Перрон постепенно заполняли встречающие. Многие держали в руках цветы. Москву светом заливало утреннее солнце. Носильщики уже катили свои тележки, когда объявили о прибытии поезда Иркутск — Москва. Владька рванулся с места, торопясь к двенадцатому вагону. Худой, гибкий, в истрепанной кожаной курточке и новых брюках, купленных на последнюю стипеху, Владька был хорош. Девушки останавливали на нем заинтересованные взгляды. Поезд нехотя, будто устал в долгом арестантском пути, уже подкатывал к перрону. Владька побежал к нему навстречу. То есть навстречу не к нему, а к маме, родной мамуле, которую он так долго ждал. И едва он побежал, как в нем мгновенно сгорели все сомнения и тревоги. Важно было одно: теперь мама снова будет с ними, выросшими сыновьями, для которых кончилось детство со всеми его бедами.
Владька не рассчитал. Он остановился у одиннадцатого вагона. А Ада Исаевна, стоя в тамбуре чуть ли не от самого Ярославля, уже выходила из вагона двенадцатого. Сначала Владька увидел, как из вагона высунулся деревянный чемодан с жестяными набойками на углах и огромным, почти амбарным, висячим замком, потом появилась нога в кирзовом сапоге, медленно опустившаяся на ступеньку вагона, и лишь затем выплыла из дверного проема мама с невероятно худым лицом, на котором господствовал нос, и большая, не по размеру, фуфайка, неожиданная для Владьки, и никак не подходящая ни для праздничной толпы встречающих, ни для теплого московского дня.
— Мама! — закричал Владька.
Ада Исаевна не отреагировала. Сначала она, поставив в сторонке чемодан, достала из кармана фуфайки пачку махорки, свернула цигарку и щелкнула большой зажигалкой цвета брусчатки. Потом глубоко затянулась и сказала спокойно:
— Владька! Подойди ближе.
Владька тут же подскочил. Ада Исаевна весело и с большим интересом его осмотрела и сказала:
— Боже! Как ты похож на отца, тюлька в тюльку. Ну, давай я тебя поцелую.
Владька наклонил голову с копной густых волос и только тут заметил, что Ада Исаевна стала намного короче, меньше. Ему не пришло в голову, что он мог вырасти за семь лет.

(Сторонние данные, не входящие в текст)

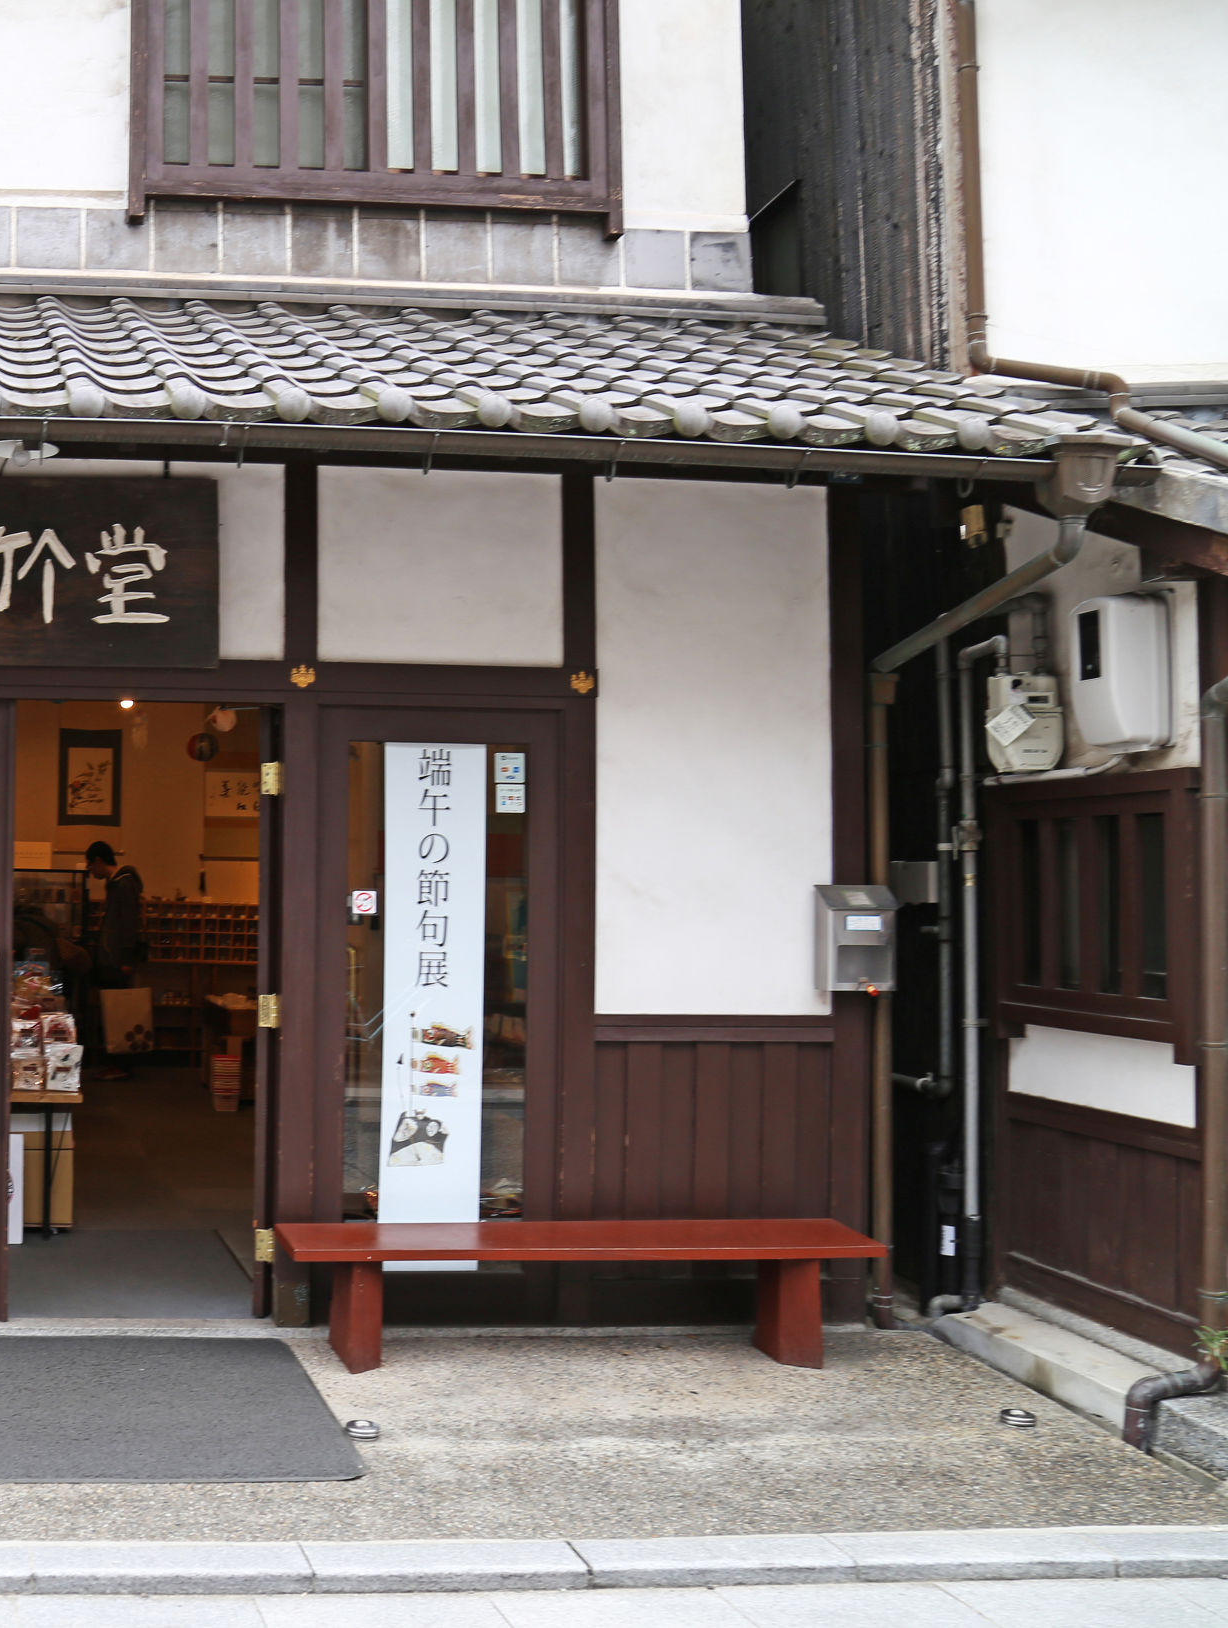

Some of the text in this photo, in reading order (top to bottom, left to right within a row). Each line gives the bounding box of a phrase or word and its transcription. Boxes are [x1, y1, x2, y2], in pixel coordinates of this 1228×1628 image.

[415, 748, 452, 988] 端午の節句展

Спорить они начали, едва двинулись по перрону. Ада Исаевна не захотела, чтобы сын нес чемодан.
— Он легкий, мама, ты не волнуйся, — убеждал Владька.
— Нет, — возражала Ада Исаевна, — чемодан понесу сама. Я в фуфайке — это для меня естественнее. К твоей кожаной курточке он не подходит.
— Давай поменяемся, — предложил Владька.
— Ни за что, — отрезала мать.— Пусть москвичи видят, что порядочные люди освобождаются.
— Да им, москвичам, наплевать, — уже закипая, заметил Владька. — Столица давно все видела.
— А мне не наплевать. Кроме того, я не хочу, чтобы что-то заслоняло тебя от меня. Мне нравится смотреть на своего сына. Я давно с ним не гуляла по большому городу.
— Особенно с деревянным чемоданом, — буркнул Владька.
— Ты что, стыдишься своей матери? — спросила Ада Исаевна с давно знакомой Владьке интонацией “подступающей” бури.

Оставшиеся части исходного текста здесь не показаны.